Verbatim repeat, images excluded. Give each entry again as written.

- - - - -

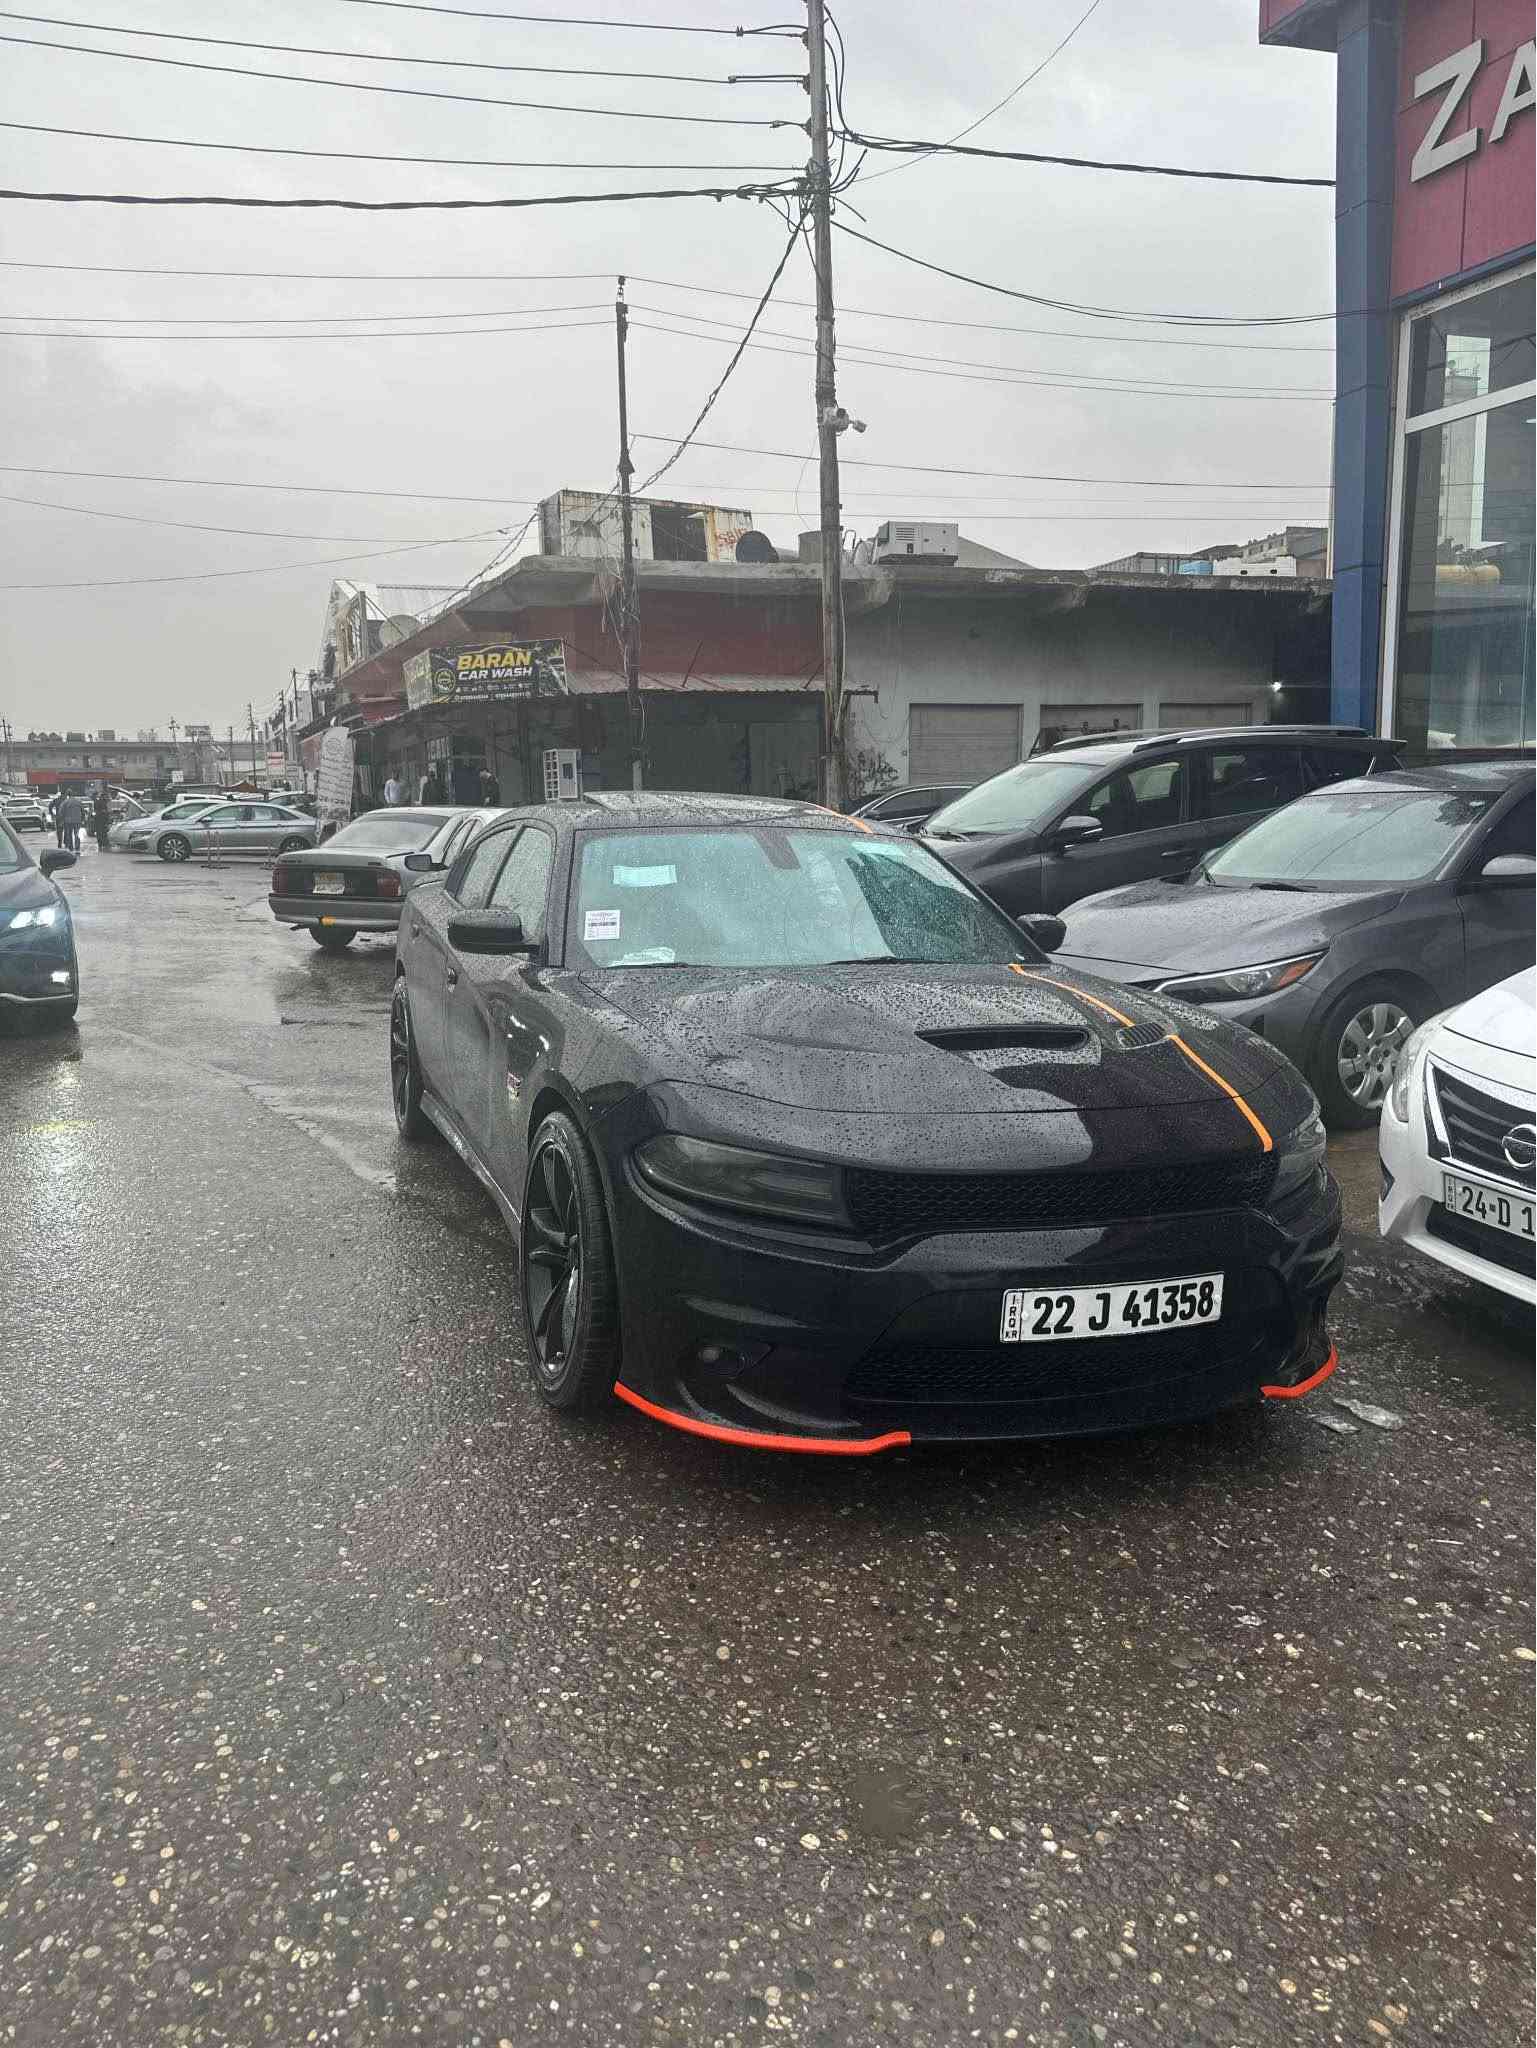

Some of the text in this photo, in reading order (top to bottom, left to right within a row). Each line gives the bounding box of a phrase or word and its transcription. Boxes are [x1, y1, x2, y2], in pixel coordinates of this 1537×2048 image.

[1411, 39, 1536, 183] ZA
[457, 651, 531, 670] BARAN
[458, 670, 488, 680] CAR
[491, 667, 533, 678] WASH
[1031, 1281, 1215, 1335] 22 J 41358
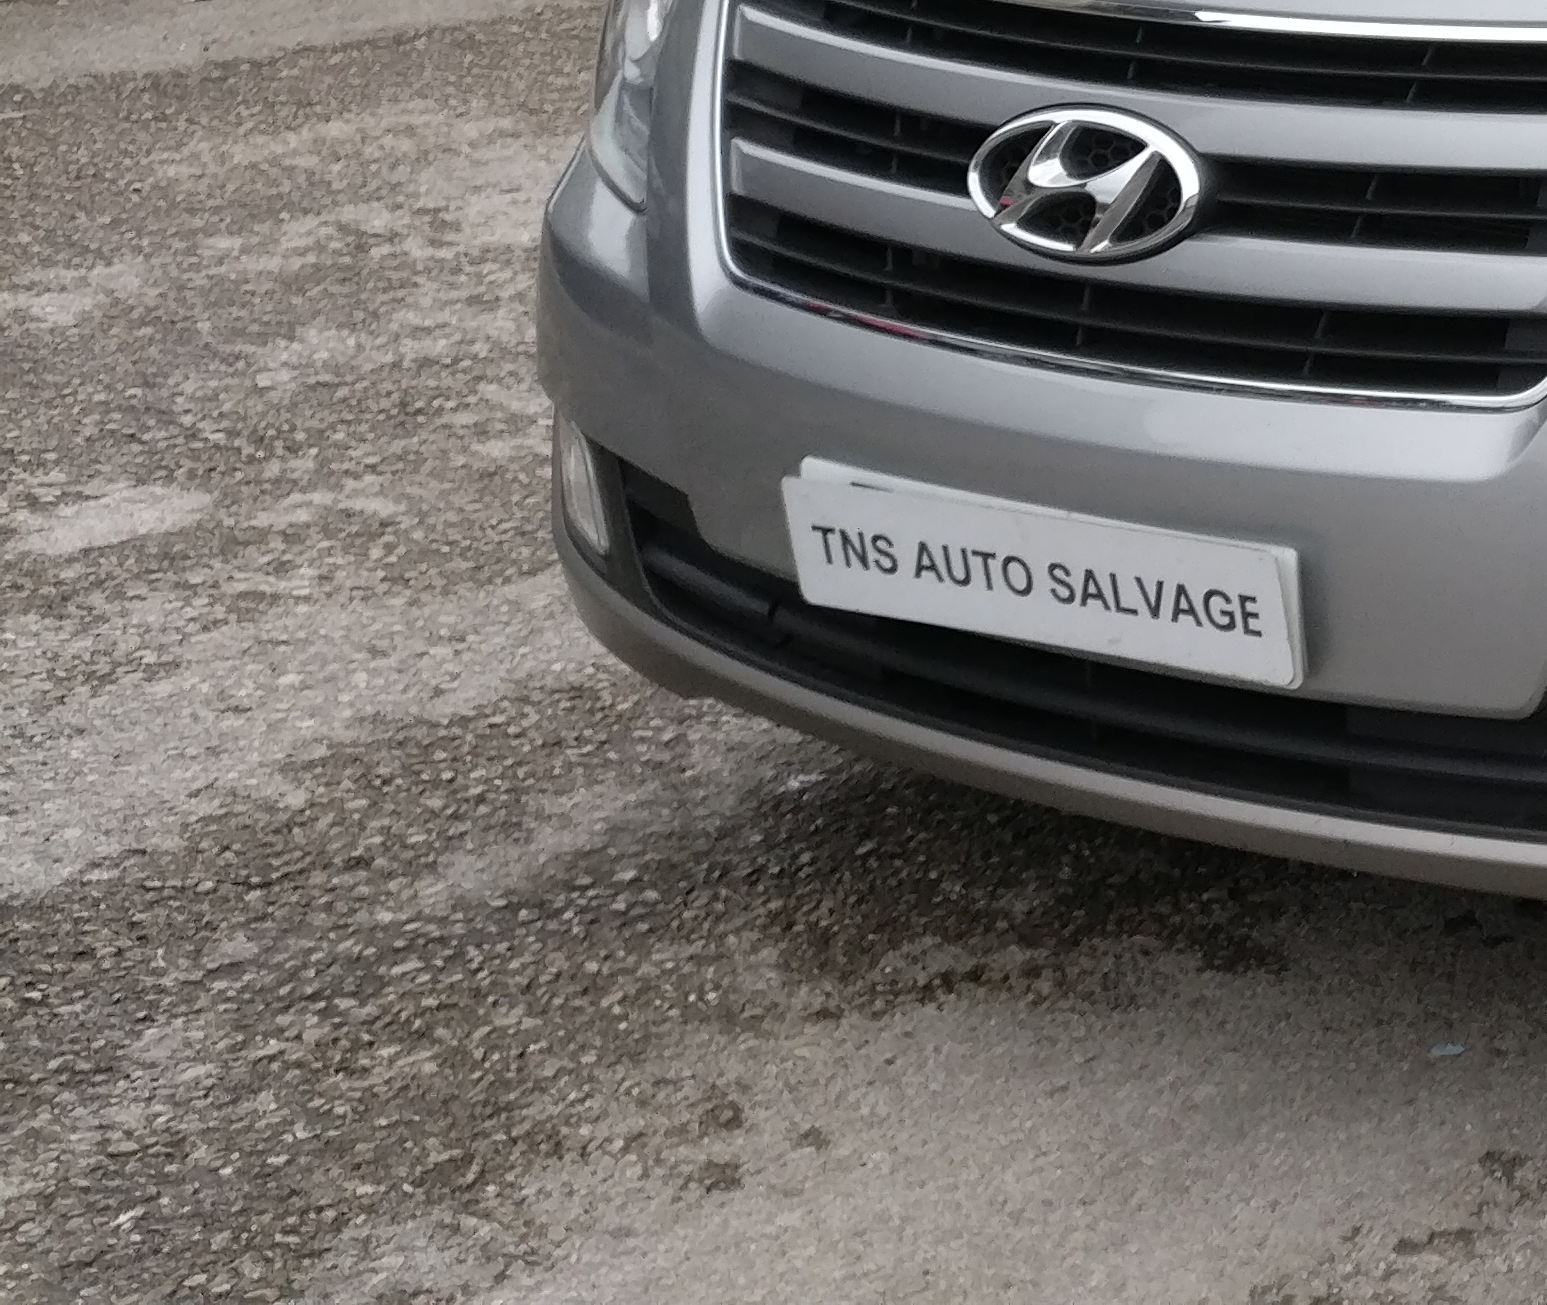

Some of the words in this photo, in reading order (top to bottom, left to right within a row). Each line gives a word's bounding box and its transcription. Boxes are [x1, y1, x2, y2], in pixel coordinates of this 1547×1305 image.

- - - - -

Solution below:
Some of the text in this photo, in reading order (top to bottom, left to right within a row). Each line gives the bounding box of a phrase or word and its transcription. Boxes are [x1, y1, x2, y2], in pixel coordinates of this 1537×2048 image.

[1411, 39, 1536, 183] ZA
[457, 651, 531, 670] BARAN
[458, 670, 488, 680] CAR
[491, 667, 533, 678] WASH
[1031, 1281, 1215, 1335] 22 J 41358

Some of the words in this photo, in reading order (top to bottom, left to right within a row). Each line gives a word's bounding box and its transcription. Boxes are [x1, y1, x2, y2], in pixel coordinates of this 1547×1305 image.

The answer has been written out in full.